**Task**
Transcribe the listing underneath, keeping each word exact and omitting the images.

**Extracted entries**
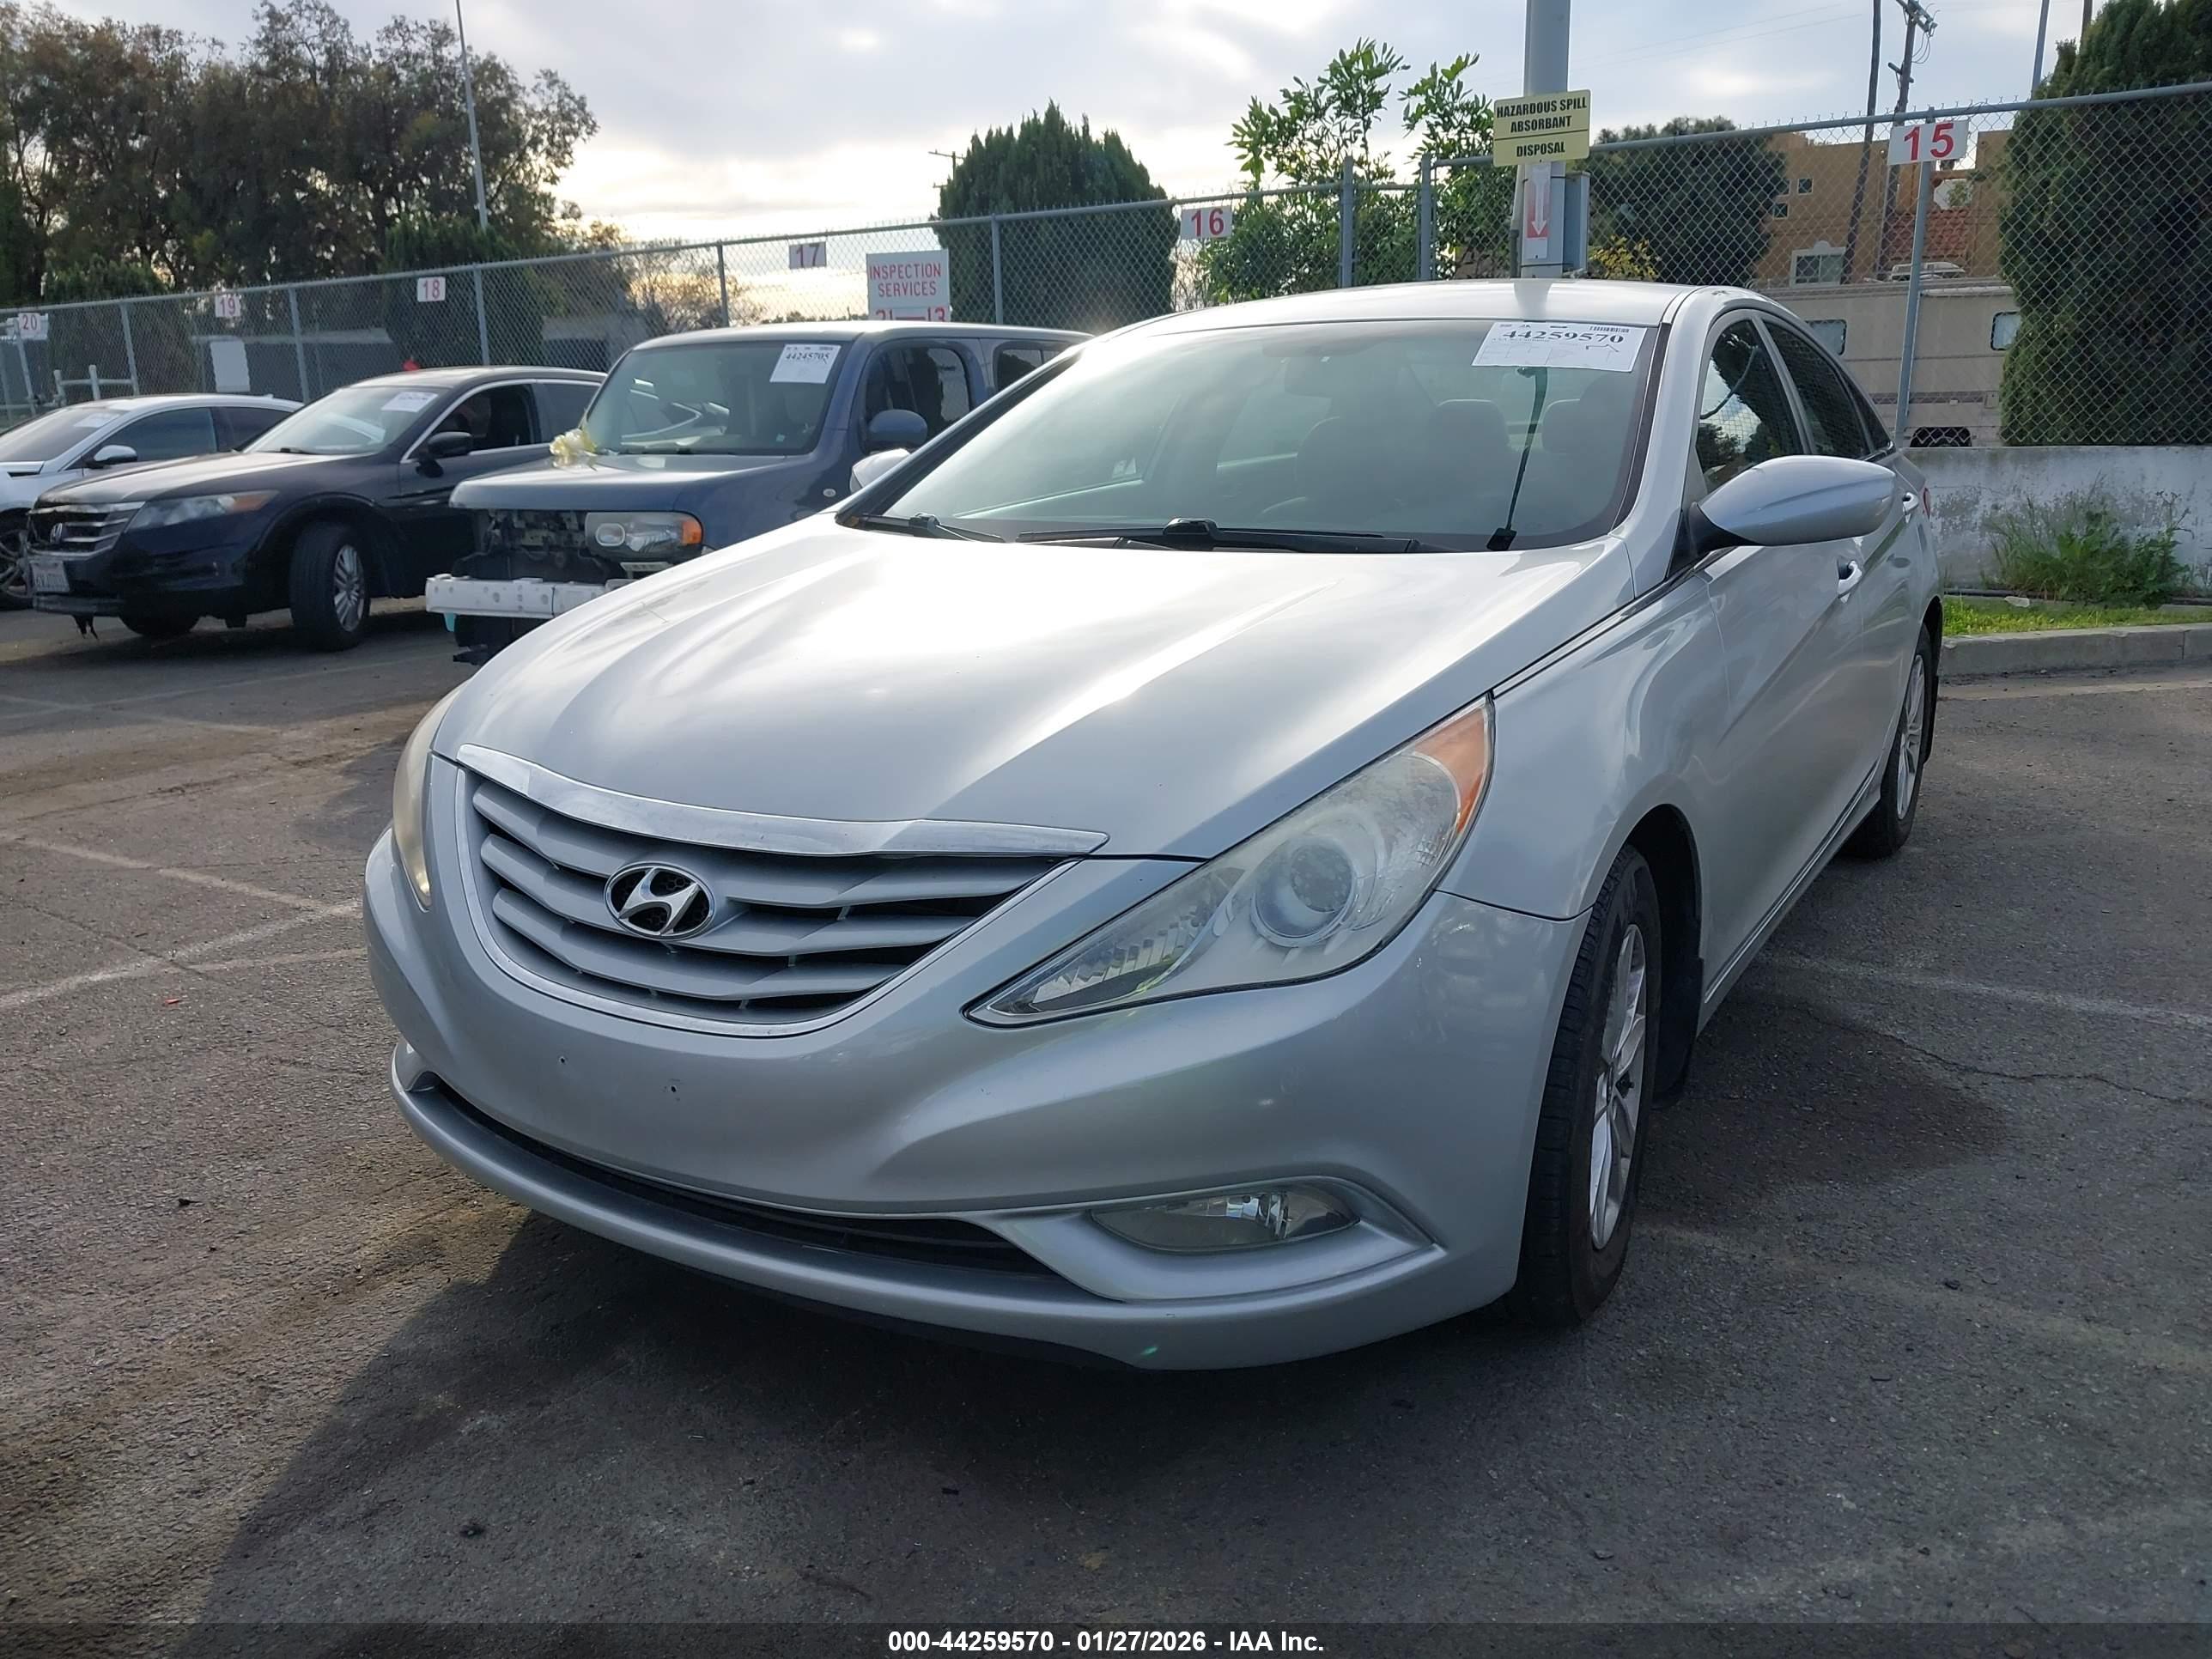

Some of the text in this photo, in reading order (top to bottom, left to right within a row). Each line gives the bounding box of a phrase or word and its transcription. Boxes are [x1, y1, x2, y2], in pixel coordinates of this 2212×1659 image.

[1497, 97, 1587, 118] HAZARDOUS SPILL
[1510, 115, 1572, 133] ABSORBANT
[1516, 142, 1565, 157] DISPOSAL
[1904, 123, 1954, 161] 15
[1191, 208, 1224, 237] 16
[796, 243, 819, 268] 17
[869, 262, 941, 280] INSPECTION
[423, 279, 441, 300] 18
[878, 281, 936, 297] SERVICES
[220, 297, 235, 316] 19
[22, 314, 38, 331] 20
[1503, 330, 1625, 343] 44259570

**Task answer**
Some of the text in this photo, in reading order (top to bottom, left to right within a row). Each line gives the bounding box of a phrase or word and its transcription. Boxes are [x1, y1, x2, y2], in pixel coordinates of this 2212×1659 image.

[1497, 97, 1587, 118] HAZARDOUS SPILL
[1510, 115, 1572, 133] ABSORBANT
[1516, 142, 1565, 157] DISPOSAL
[1904, 123, 1954, 161] 15
[1191, 208, 1224, 237] 16
[796, 243, 819, 268] 17
[869, 262, 941, 280] INSPECTION
[423, 279, 441, 300] 18
[878, 281, 936, 297] SERVICES
[220, 297, 235, 316] 19
[22, 314, 38, 331] 20
[1503, 330, 1625, 343] 44259570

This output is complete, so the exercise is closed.